Luther et les Juifs
Luther est un homme qui a marqué son temps par la nouveauté de ses idées, mais sur certains sujets, comme celui de la relation avec le judaïsme, il reste aussi marqué par la société à laquelle il appartenait.
La société du Moyen Âge est une société de chrétienté exclusive, qui pourchasse l’hérésie. L’Église enseigne depuis les premiers siècles de son existence que les Juifs falsifient les Écritures, qu’ils méprisent le Christ et qu’ils sont les premiers responsables de sa mort.
Bienveillance à l’égard des Juifs
Le jeune Luther découvre la richesse de la culture hébraïque. Il s’initie à la langue hébraïque et à sa grammaire avec un ancien rabbin converti, ce qui lui permet plus tard de traduire la partie juive de la Bible. Luther fait preuve d’une certaine compréhension à l’égard des Juifs. Il souligne que leur présomption à croire que le salut s’obtient par l’obéissance à des commandements est partagée par de nombreux chrétiens. Il s’inscrit en faux contre l’accusation de déicide. Pour lui ce sont les péchés de l’humanité tout entière qui ont provoqué la mort de l’envoyé de Dieu. Luther est animé par l’espoir que la nouvelle manière de comprendre l’Évangile qu’il propose va pouvoir attirer de nombreux Juifs vers la conversion à la foi chrétienne.
Le ton se durcit
1530 marque un tournant dans l’attitude de Luther à l’égard des Juifs. Il constate qu’ils ne se tournent pas vers la foi chrétienne, mais qu’ils font même œuvre de prosélytisme pour attirer à eux des chrétiens. Luther se fait un devoir de défendre les fondamentaux de la foi réformée. La justification par la foi n’est pas compatible avec l’autojustification par les œuvres que prône le judaïsme.

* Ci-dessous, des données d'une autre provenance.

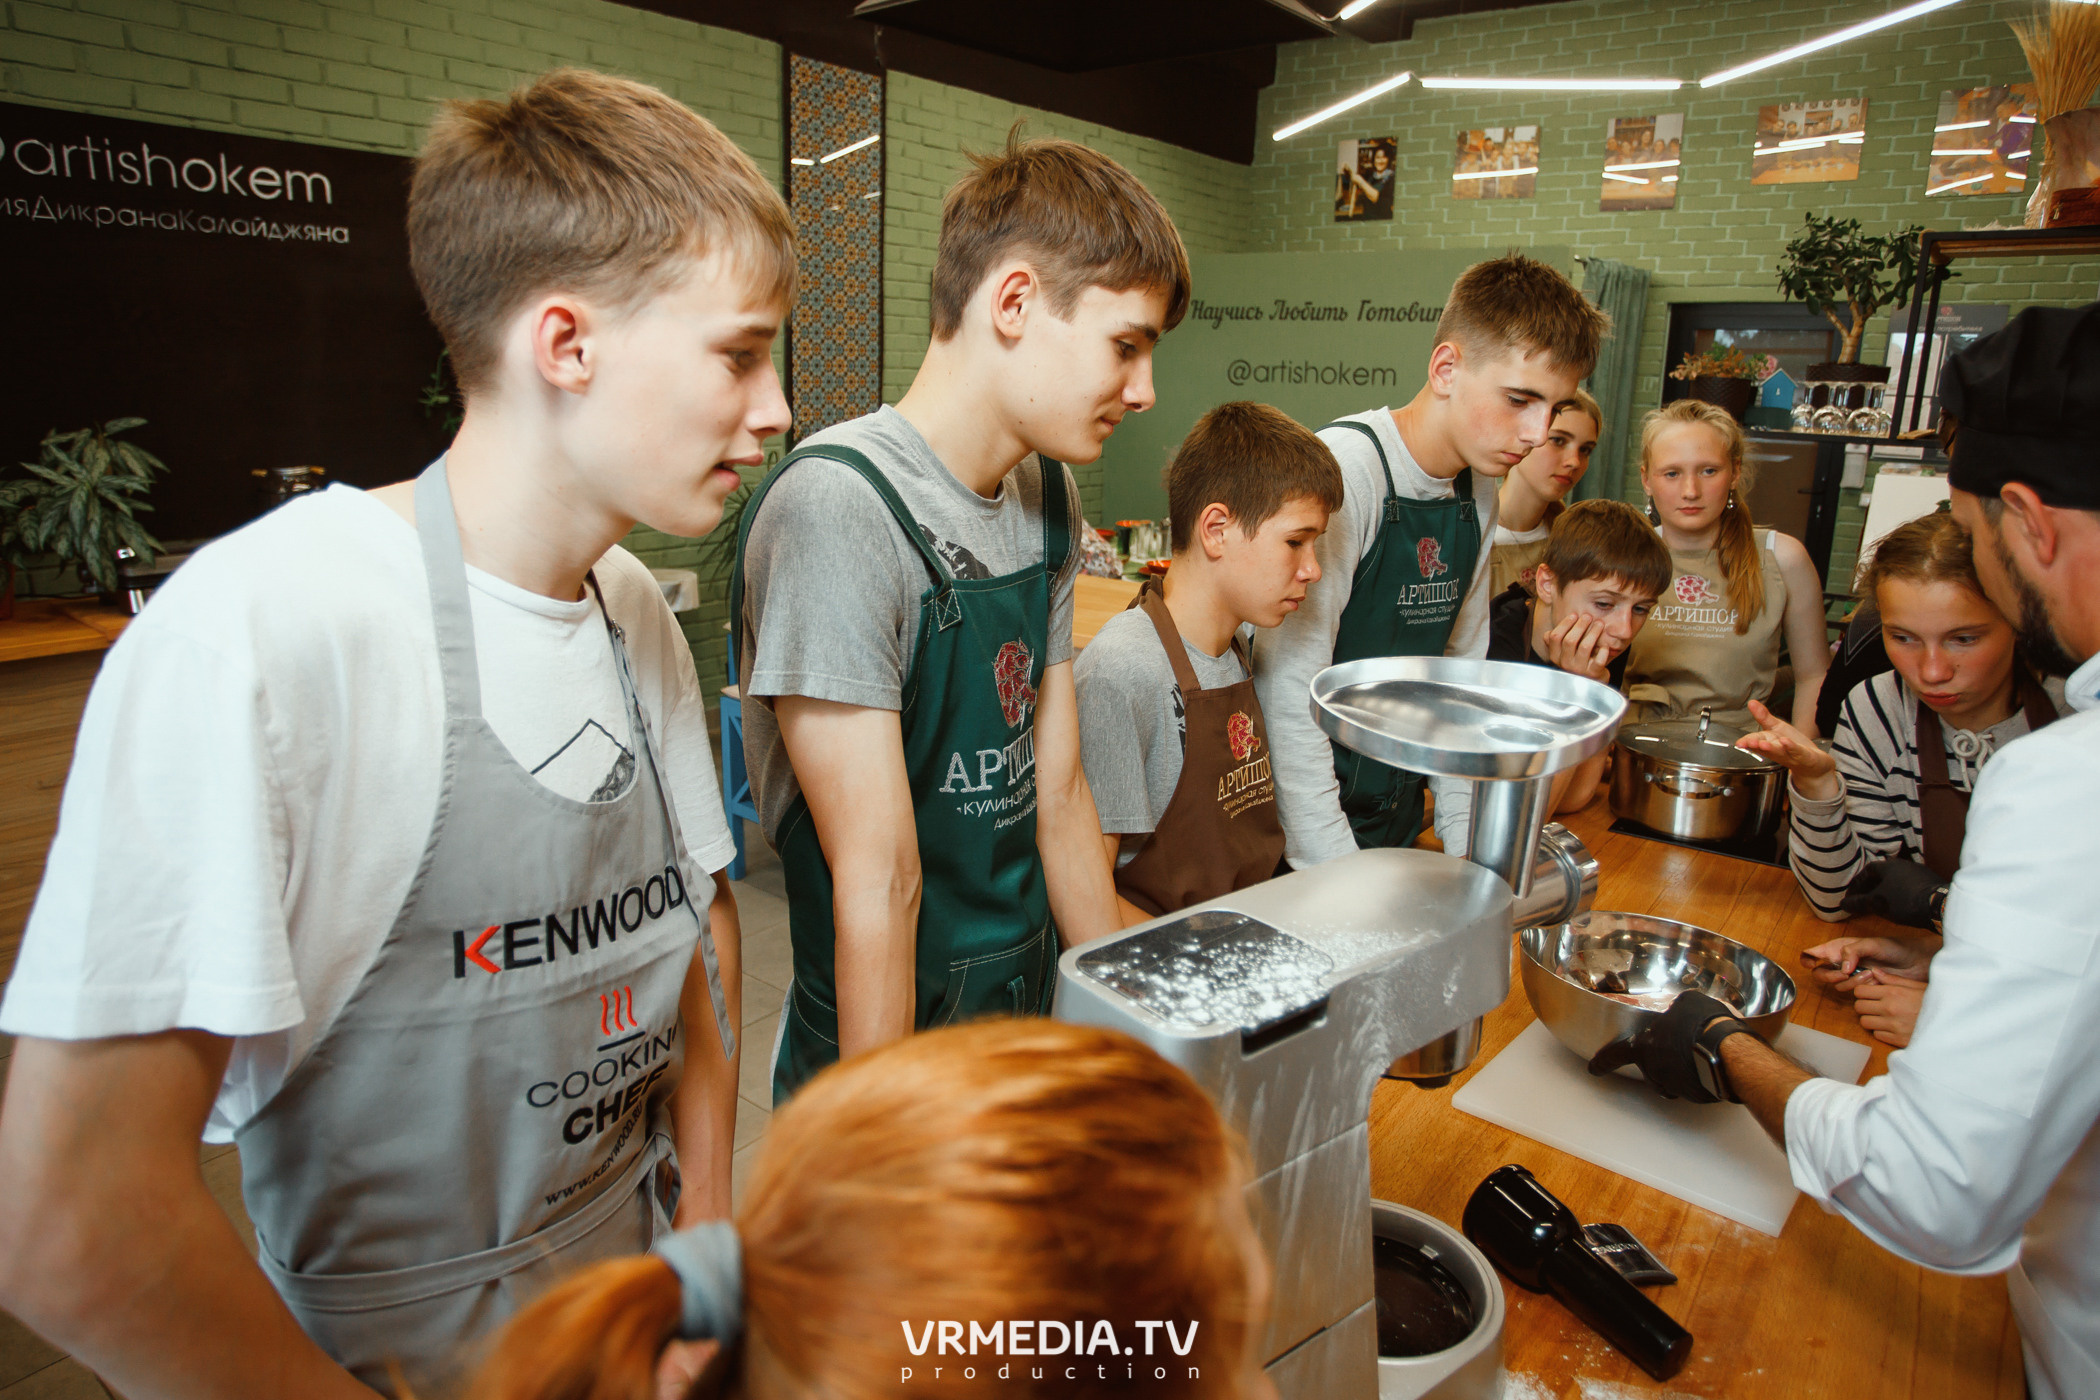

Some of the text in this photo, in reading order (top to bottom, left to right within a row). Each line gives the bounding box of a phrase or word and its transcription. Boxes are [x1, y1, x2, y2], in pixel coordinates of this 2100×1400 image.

[0, 134, 333, 206] artishokem
[1191, 299, 1263, 329] Научись
[1269, 299, 1348, 322] Любить
[1227, 359, 1397, 386] @artishokem
[453, 865, 685, 979] KENWOOD
[527, 1023, 677, 1108] COOKIN
[562, 1060, 671, 1145] CHEF

Les Juifs ne doivent pas non plus croire qu’ils sont sauvés parce qu’ils sont le peuple élu de Dieu. La théologie de Luther est centrée sur le Christ et sur son œuvre expiatoire. Il ne peut supporter que le judaïsme se moque de Jésus, le présente comme un bâtard ou un magicien. Luther estime que les Juifs blasphèment le Seigneur et son œuvre à travers tout leur enseignement et leurs rituels. Il prône des mesures extrêmes : mettre le feu aux synagogues, détruire les écoles et les maisons, confisquer les écrits talmudiques, interdire aux rabbins d’enseigner, interdire le prêt à usure, obliger tous les Juifs à travailler de leurs mains et si possible les expulser du pays. Luther imagine que la meilleure place pour les Juifs, c’est en Palestine.
Luther antisémite ?
Le propos de Luther est souvent outrancier et grossier à l’égard des Juifs, mais il en est de même à l’égard des chefs de l’Église catholique. Par contre, jamais Luther n’accrédite l’idée d’une inégalité des races humaines : « Il n’y a aucune différence concernant la chair et le sang, comme nous le dit la raison (…), car nous partageons la même origine, une même chair et un même sang. » Sa seule crainte semble de nature religieuse : une judaïsation de la société chrétienne.